Exercise aim
An exact copy of every record is needed, with the pictures left out.

(Data to examine begins)

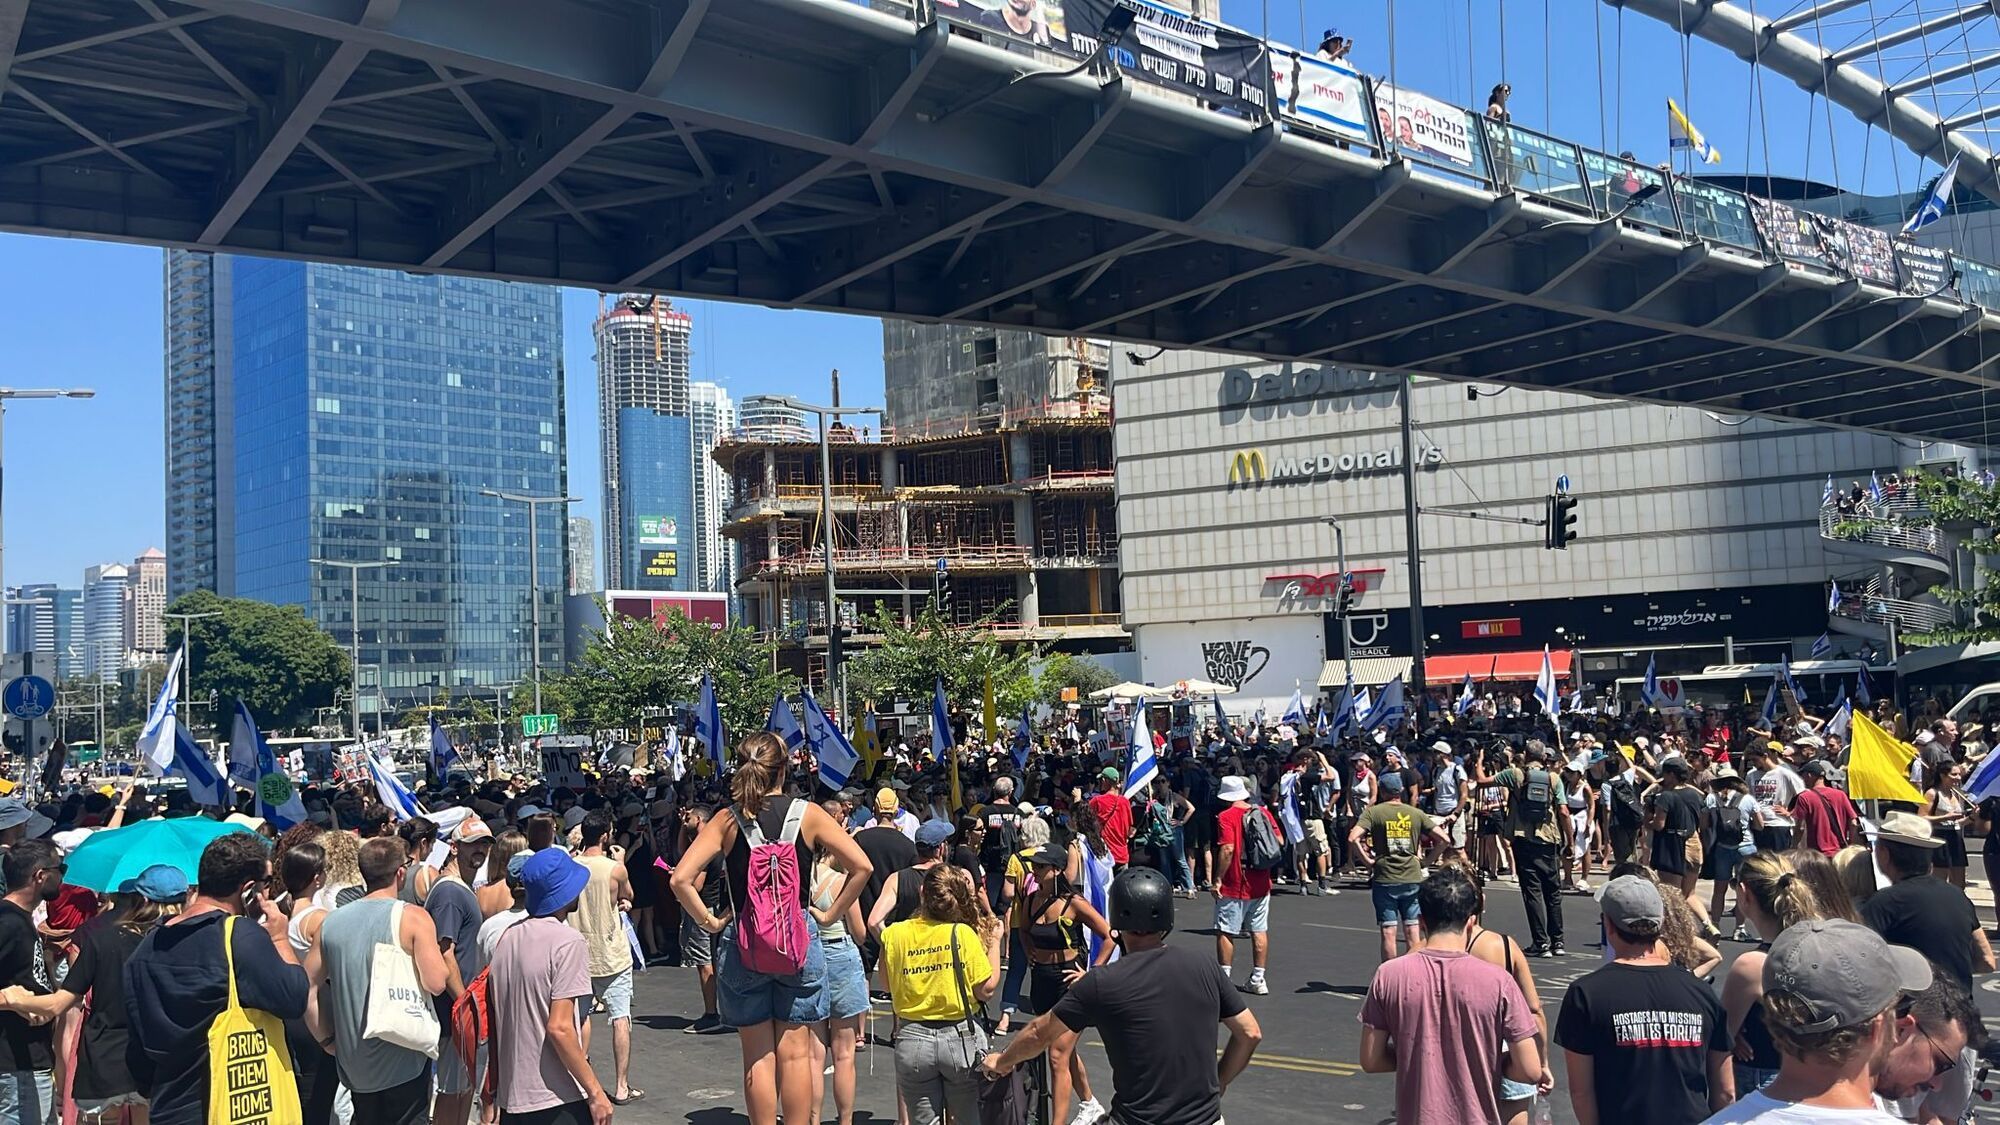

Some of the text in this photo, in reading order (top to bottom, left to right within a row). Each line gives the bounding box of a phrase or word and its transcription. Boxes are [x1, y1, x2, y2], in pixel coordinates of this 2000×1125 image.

[1416, 123, 1466, 150] הנהדרים
[1431, 115, 1465, 136] כולנו
[1205, 660, 1248, 683] GOOD
[1612, 1011, 1651, 1026] HOSTAGES
[1668, 1011, 1702, 1026] MISSING
[1614, 1023, 1702, 1043] FAMILIES FORUM
[229, 1032, 265, 1060] BRING
[229, 1061, 266, 1089] THEM
[232, 1089, 270, 1119] HOME

(Data to examine ends)

Response to the task
Some of the text in this photo, in reading order (top to bottom, left to right within a row). Each line gives the bounding box of a phrase or word and its transcription. Boxes are [x1, y1, x2, y2], in pixel coordinates of this 2000×1125 image.

[1416, 123, 1466, 150] הנהדרים
[1431, 115, 1465, 136] כולנו
[1205, 660, 1248, 683] GOOD
[1612, 1011, 1651, 1026] HOSTAGES
[1668, 1011, 1702, 1026] MISSING
[1614, 1023, 1702, 1043] FAMILIES FORUM
[229, 1032, 265, 1060] BRING
[229, 1061, 266, 1089] THEM
[232, 1089, 270, 1119] HOME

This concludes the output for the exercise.